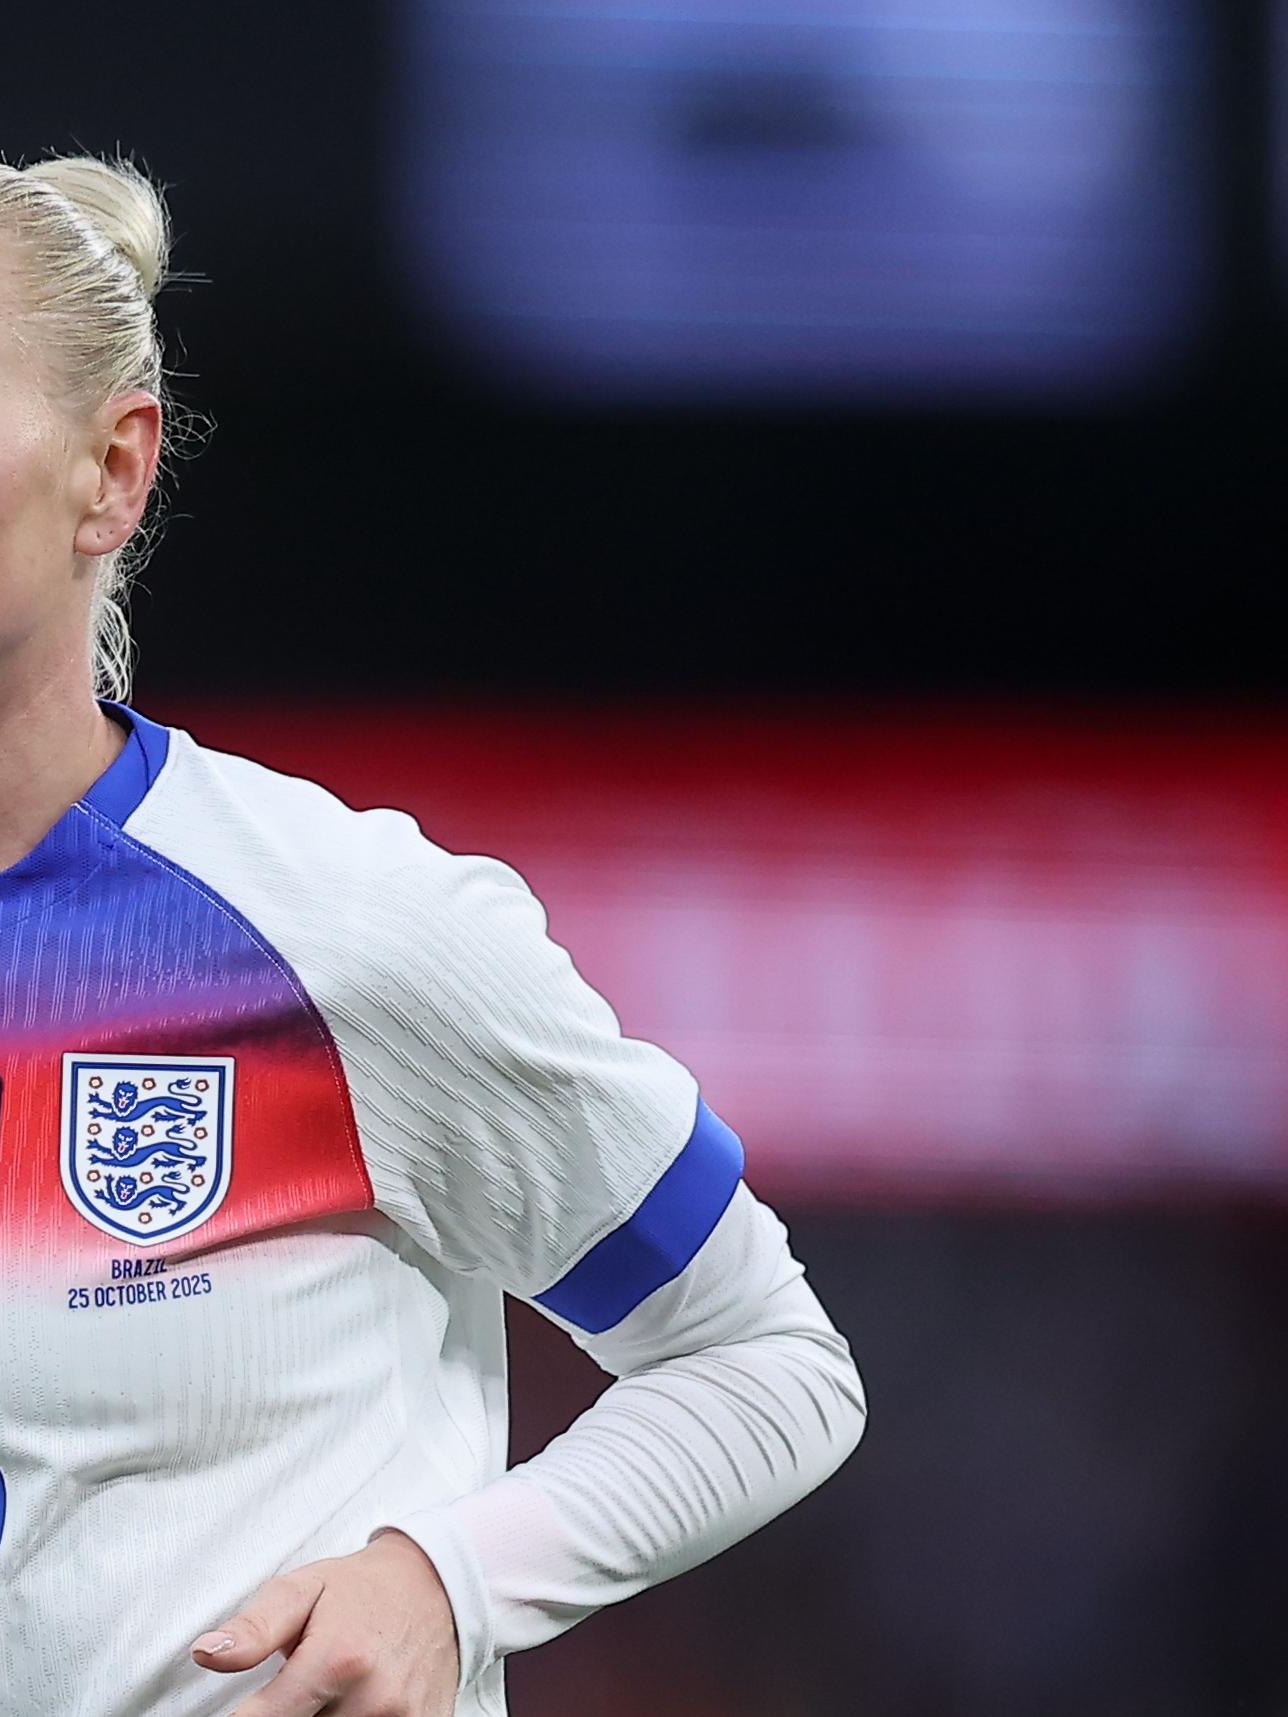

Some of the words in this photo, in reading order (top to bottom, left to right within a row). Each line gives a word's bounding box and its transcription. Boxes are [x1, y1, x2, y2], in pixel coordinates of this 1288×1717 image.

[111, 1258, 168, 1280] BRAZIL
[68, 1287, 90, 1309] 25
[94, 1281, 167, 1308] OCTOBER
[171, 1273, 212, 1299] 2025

* * *

--- Activity ---
Omit the pictures, then output the rest of the listing exactly.

--- Written solution ---
Some of the words in this photo, in reading order (top to bottom, left to right within a row). Each line gives a word's bounding box and its transcription. Boxes are [x1, y1, x2, y2], in pixel coordinates of this 1288×1717 image.

[111, 1258, 168, 1280] BRAZIL
[68, 1287, 90, 1309] 25
[94, 1281, 167, 1308] OCTOBER
[171, 1273, 212, 1299] 2025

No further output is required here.